Pumpkins, Cowboys & Guitars
Page 67
She parked down the block and walked the distance in the cold, coughing and feeling a tightening in her lungs and ignoring it. She slowed at the sidewalk and listened to the music pounding from the house. Should she knock or just walk in?
The question was taken away when she got to the door and it popped open, as if someone had been designated to be the doorman.
“Well, hello,” squeaked a kid who looked about ten, but was probably fourteen or fifteen. “Welcome to Tanner’s party. You look familiar?”
“I should. I’m here for Carlee.”
“Carlee who? Name doesn’t ring a bell.”
“Carlee. The twelve-year-old who came with Tanner.”
“Oh, her. Who are you?” The kid kept staring at her and she could see him sorting through options. She wasn’t in the mood to enlighten him.
Instead of answering him, she stepped up the porch and pushed past the kid and into the house. The house reeked of burned food, alcohol and pot. Disgusted, Leia began a room by room search, breaking up the couple kissing in the doorway, shifting past several people dancing in the living room. No Carlee.
She snagged a girl with blonde cheerleader looks. “Where’s Tanner?”
“Hey, I know you.” She gave Leia a drunken grin.
Leia gave her a nasty grin. “Hey, I don’t care. Where’s Tanner?”

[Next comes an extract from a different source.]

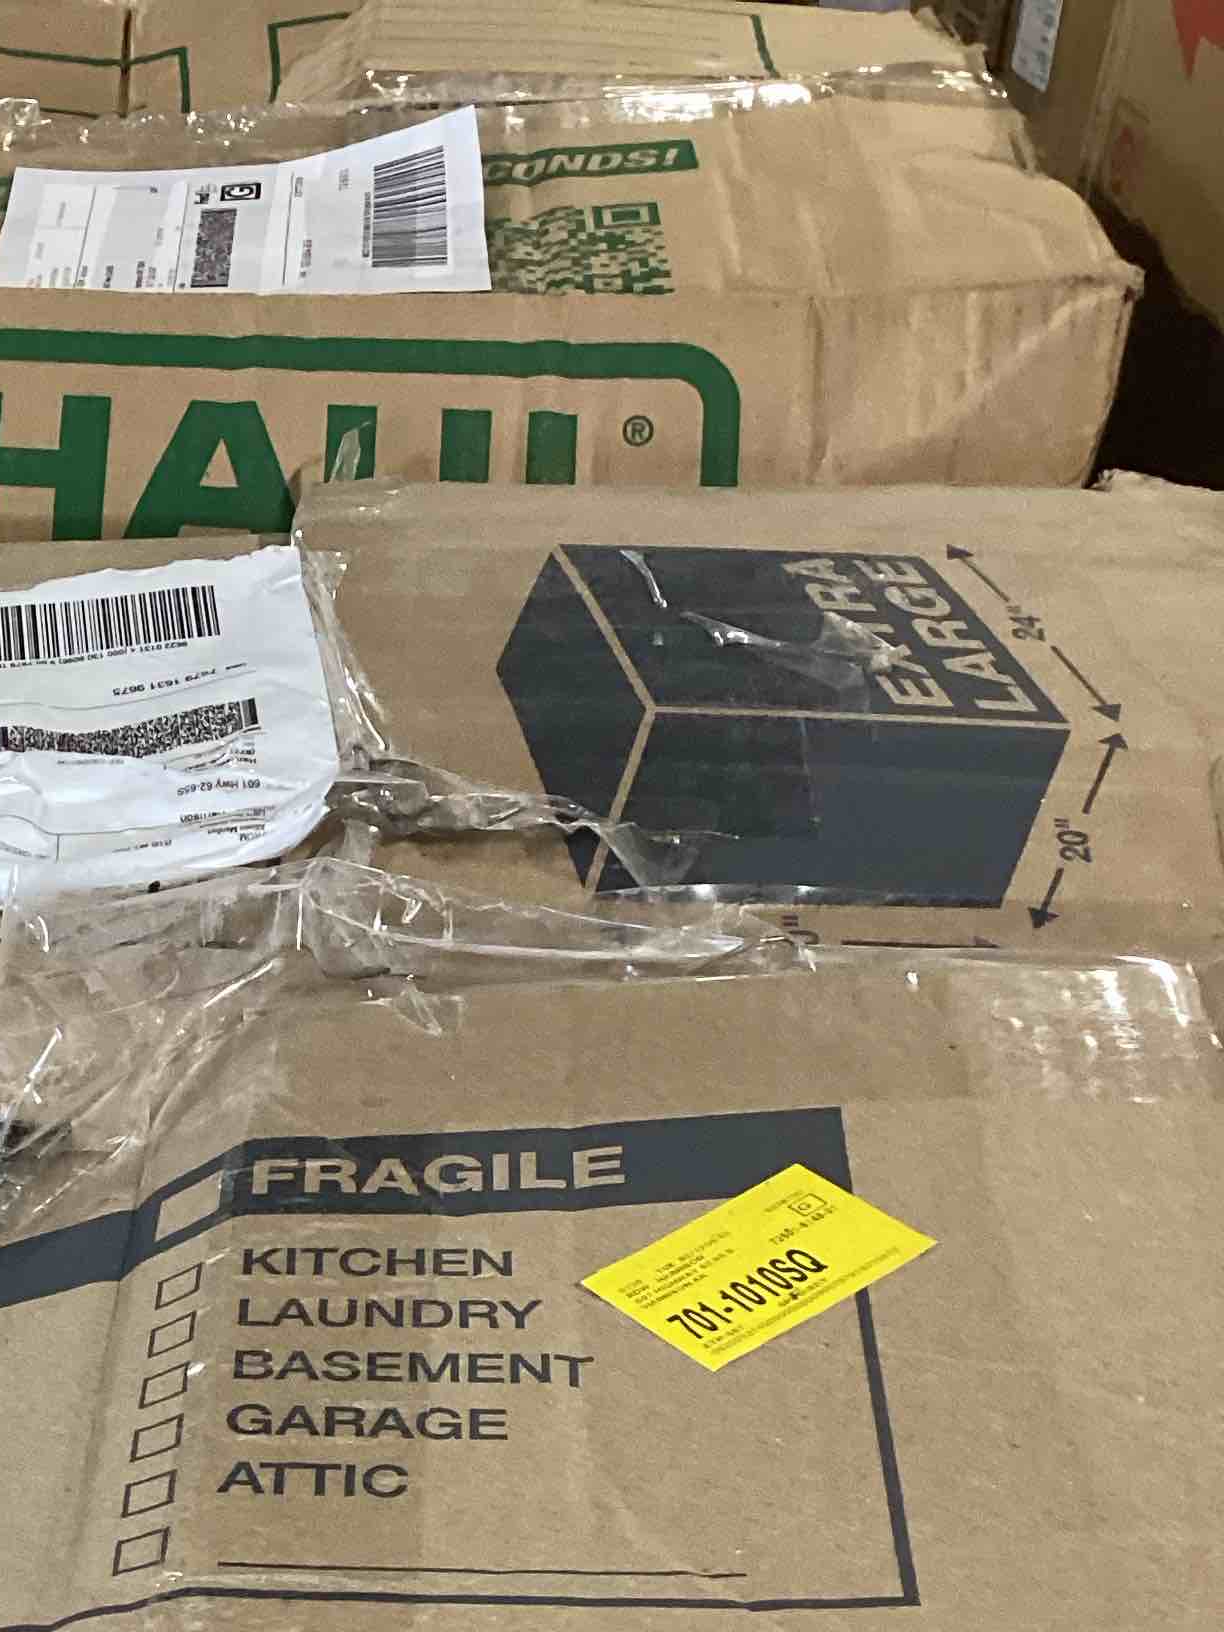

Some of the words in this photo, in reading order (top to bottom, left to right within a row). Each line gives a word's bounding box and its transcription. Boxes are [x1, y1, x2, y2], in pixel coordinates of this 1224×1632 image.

“Upstairs I think, with goo-goo eyed girl.”
Leia hissed in frustration and moved back the way she’d come. In the entryway, she looked up the stairs. Carlee was standing at the top of the stairs with a lanky kid with brown hair and killer green eyes with his hands massaging her shoulders. Carlee had a glass in her hand and glazed look in her eye.
Leia marched up the stairs. While Carlee’s mouth was in an “ooh”, her face set with a deer-in-the-headlights look, Leia jerked the drink out of her hand and took a sniff.
Whiskey. Great.
“Hi, I’m Tanner. You’re Leia Shae. I’m your biggest fan.” His eyes slid to her boobs, further disgusting her.

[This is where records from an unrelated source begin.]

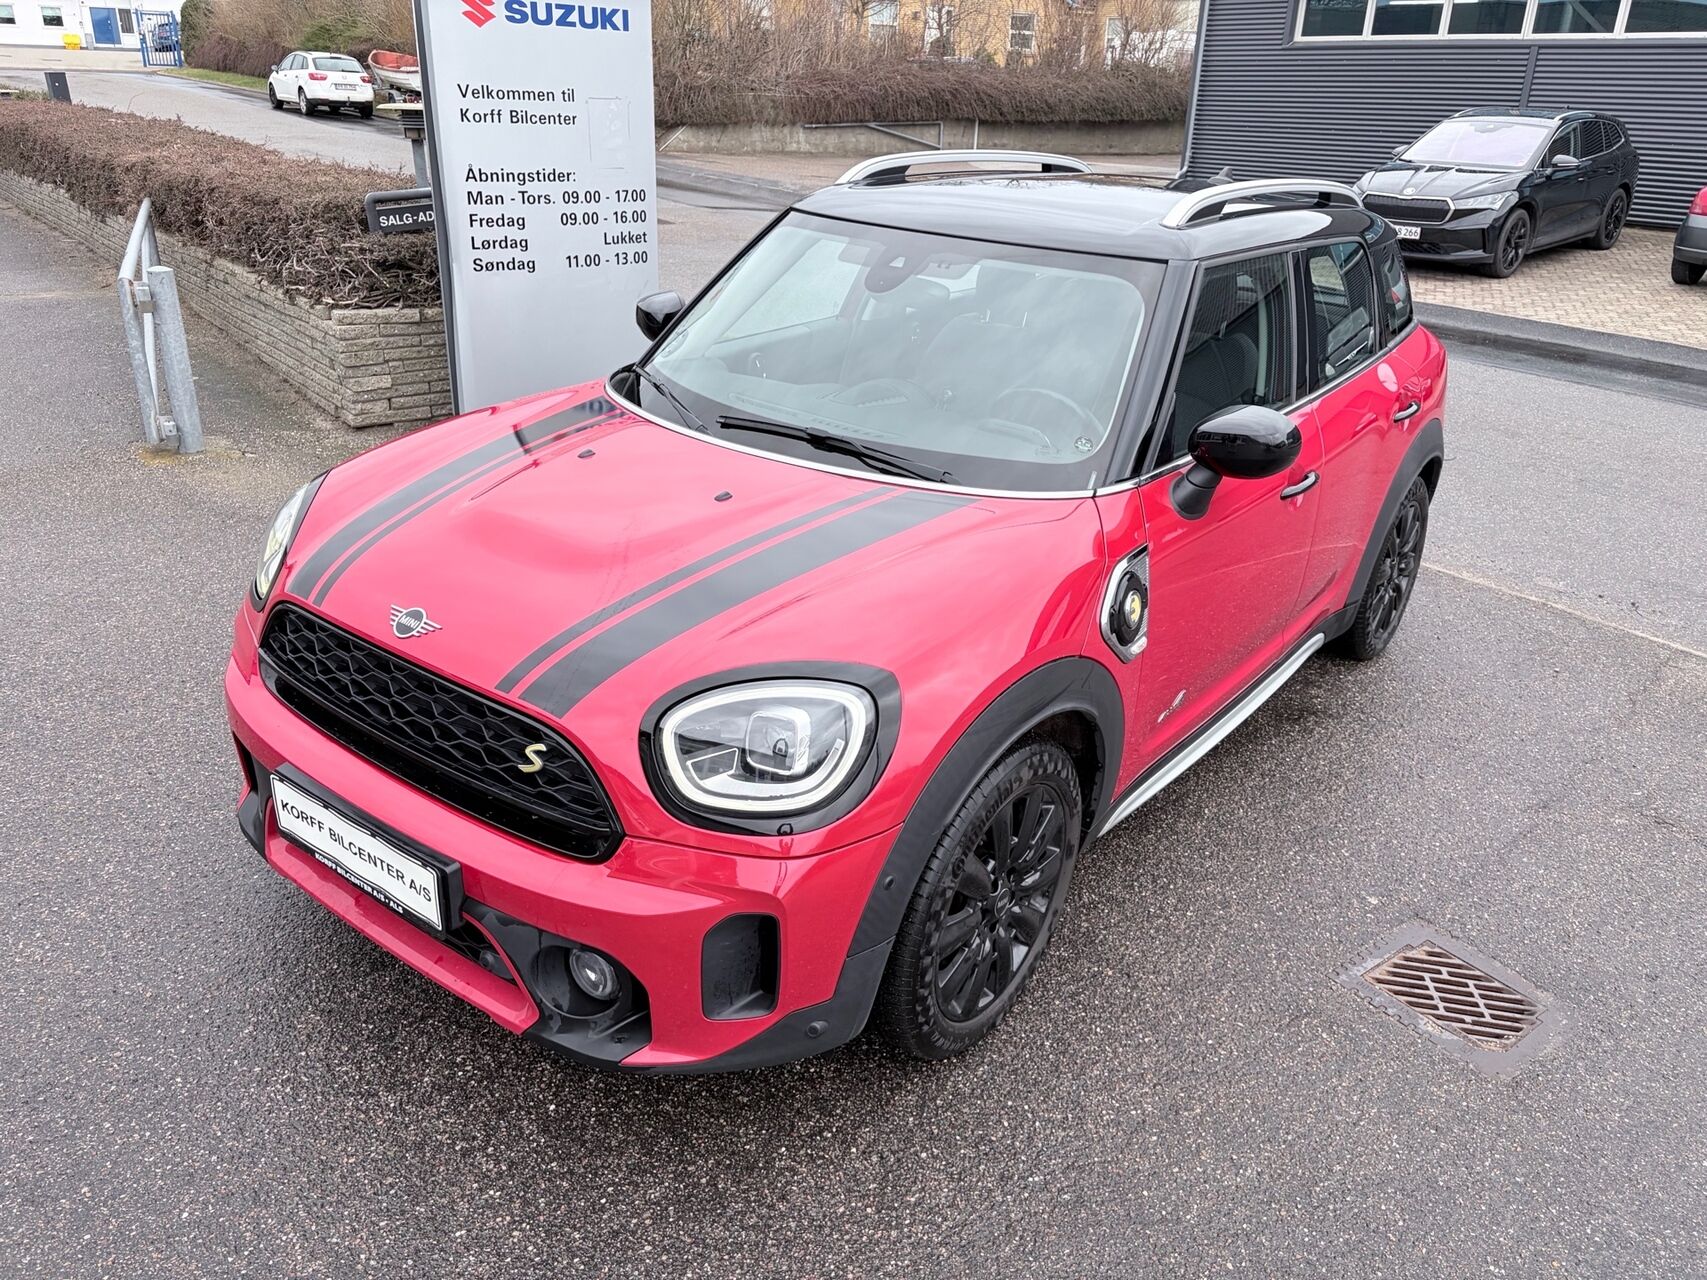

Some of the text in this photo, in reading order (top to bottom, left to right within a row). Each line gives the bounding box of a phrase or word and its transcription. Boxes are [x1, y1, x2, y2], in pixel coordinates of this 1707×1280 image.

[504, 0, 630, 32] SUZUKI
[457, 84, 574, 102] Velkommen til
[460, 108, 577, 125] Korff Bilcenter
[466, 164, 576, 186] Åbningstider:
[467, 191, 504, 205] Man
[563, 191, 600, 204] 09.00
[615, 189, 646, 202] 17.00
[469, 213, 525, 230] Fredag
[561, 212, 598, 226] 09.00
[613, 210, 646, 223] 16.00
[471, 231, 647, 252] Lørdag Lukket
[1403, 228, 1419, 237] 266
[473, 257, 535, 273] Søndag
[566, 254, 600, 268] 11.00
[615, 251, 648, 265] 13.00
[399, 615, 420, 629] MINI
[518, 744, 547, 773] S
[280, 799, 431, 902] KORFF BILCENTER A/S
[315, 852, 336, 869] KORFF
[336, 866, 373, 895] BILCENTER

Leia leaned into his face. “You are so dead meat, especially when Sheriff Murphy, her father, talks to your mother.”
The boy paled, the grin sliding off his face. He dropped his arm from around Carlee’s shoulder, as if that would help the situation. Leia shoved the glass into his hand and grabbed Carlee’s arm.
“I don’t want to go with you.” She tried to jerk her arm away.
“Tough.” Leia had a serious mad on and didn’t release her.
The music had shut off and several kids had congregated at the bottom of the stairs to watch.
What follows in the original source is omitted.